# Comfort-Centered Design of a Lightweight and Backdrivable Knee   Exoskeleton

**Authors:** Junlin Wang, Xiao Li, Tzu-Hao Huang, Shuangyue Yu, Yanjun Li, Tianyao, Chen, Alessandra Carriero, Mooyeon Oh-Park, and Hao Su

arXiv: 1902.03966 · 2023-04-06

## TL;DR

This paper introduces a comfort-centered design approach for a lightweight, backdrivable knee exoskeleton, focusing on reducing discomfort through innovative structure, joint mechanisms, and low impedance transmission.

## Contribution

It proposes novel design principles and mechanisms that improve comfort and backdrivability in knee exoskeletons, validated through simulations and experiments.

## Key findings

- 74% reduction in joint misalignment at maximum knee flexion
- 1.03 Nm RMS resistive torque in unpowered mode
- 0.31 Nm RMS torque tracking error in experiments

## Abstract

This paper presents design principles for comfort-centered wearable robots and their application in a lightweight and backdrivable knee exoskeleton. The mitigation of discomfort is treated as mechanical design and control issues and three solutions are proposed in this paper: 1) a new wearable structure optimizes the strap attachment configuration and suit layout to ameliorate excessive shear forces of conventional wearable structure design; 2) rolling knee joint and double-hinge mechanisms reduce the misalignment in the sagittal and frontal plane, without increasing the mechanical complexity and inertia, respectively; 3) a low impedance mechanical transmission reduces the reflected inertia and damping of the actuator to human, thus the exoskeleton is highly-backdrivable.

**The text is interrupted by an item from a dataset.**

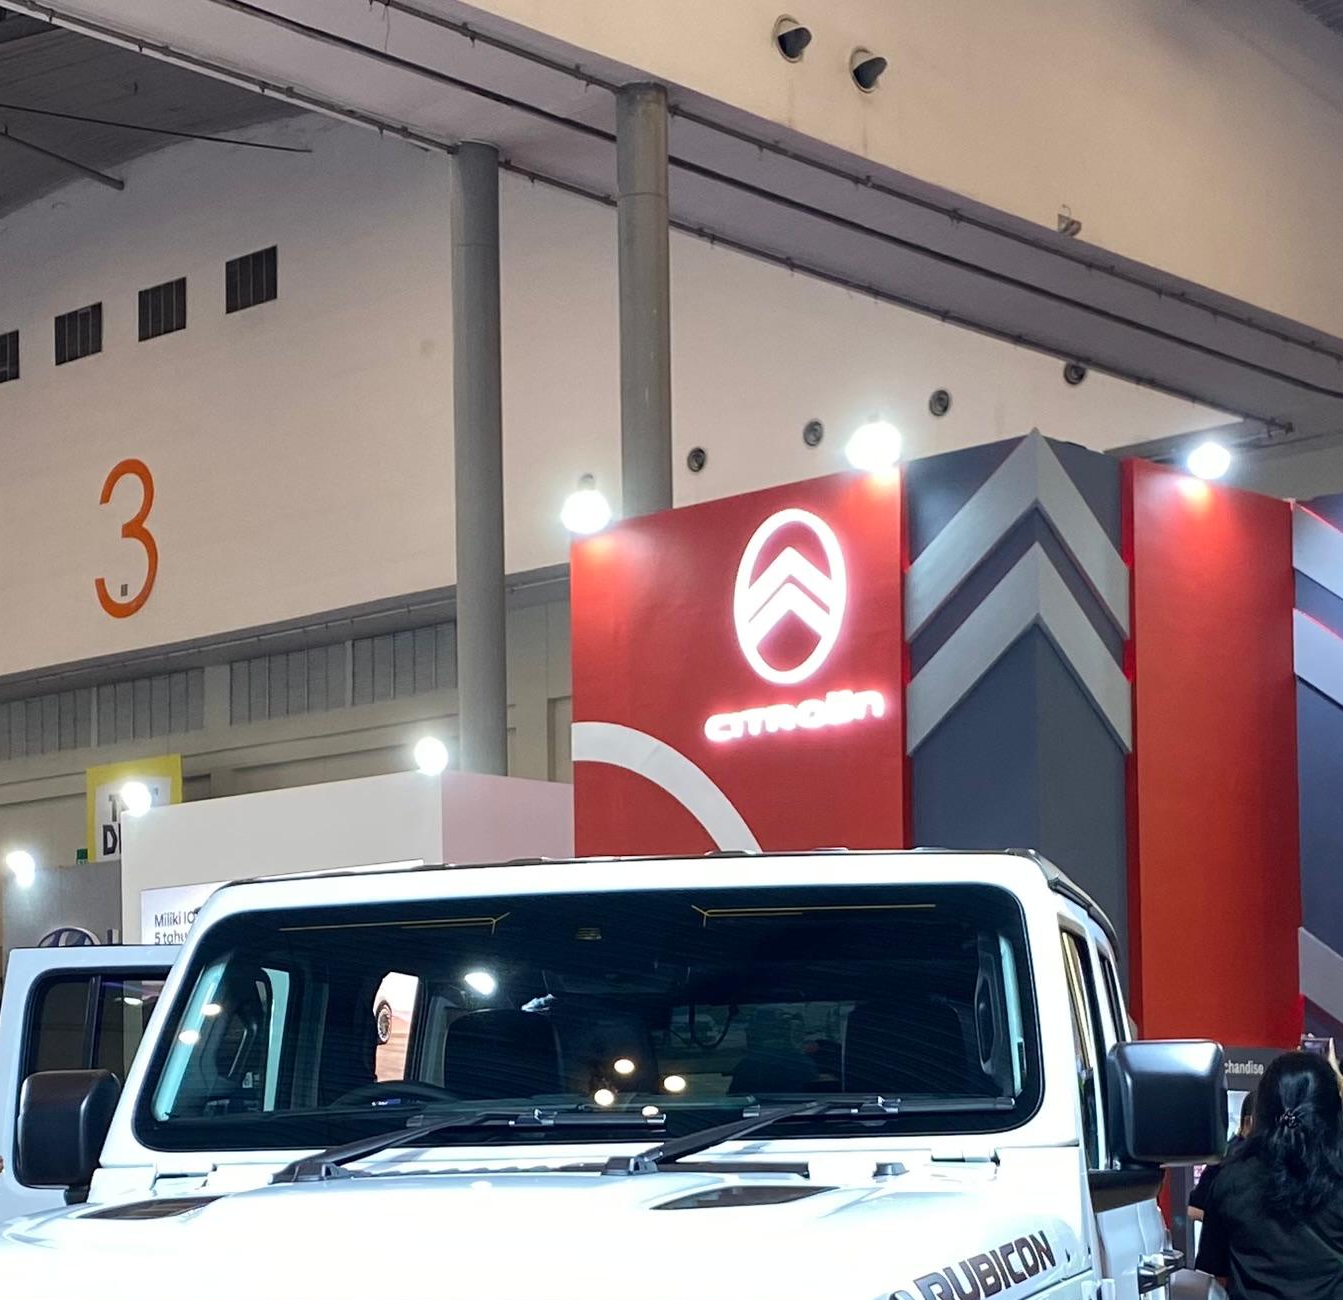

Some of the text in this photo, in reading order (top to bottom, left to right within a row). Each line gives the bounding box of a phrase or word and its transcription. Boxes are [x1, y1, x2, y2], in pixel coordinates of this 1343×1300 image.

[95, 458, 158, 618] 3
[154, 911, 182, 928] Miliki
[154, 932, 161, 945] 5

Kinematic simulations demonstrate that misalignment between the robot joint and knee joint can be reduced by 74% at maximum knee flexion. In experiments, the exoskeleton in the unpowered mode exhibits 1.03 Nm root mean square (RMS) low resistive torque. The torque control experiments demonstrate 0.31 Nm RMS torque tracking error in three human subjects.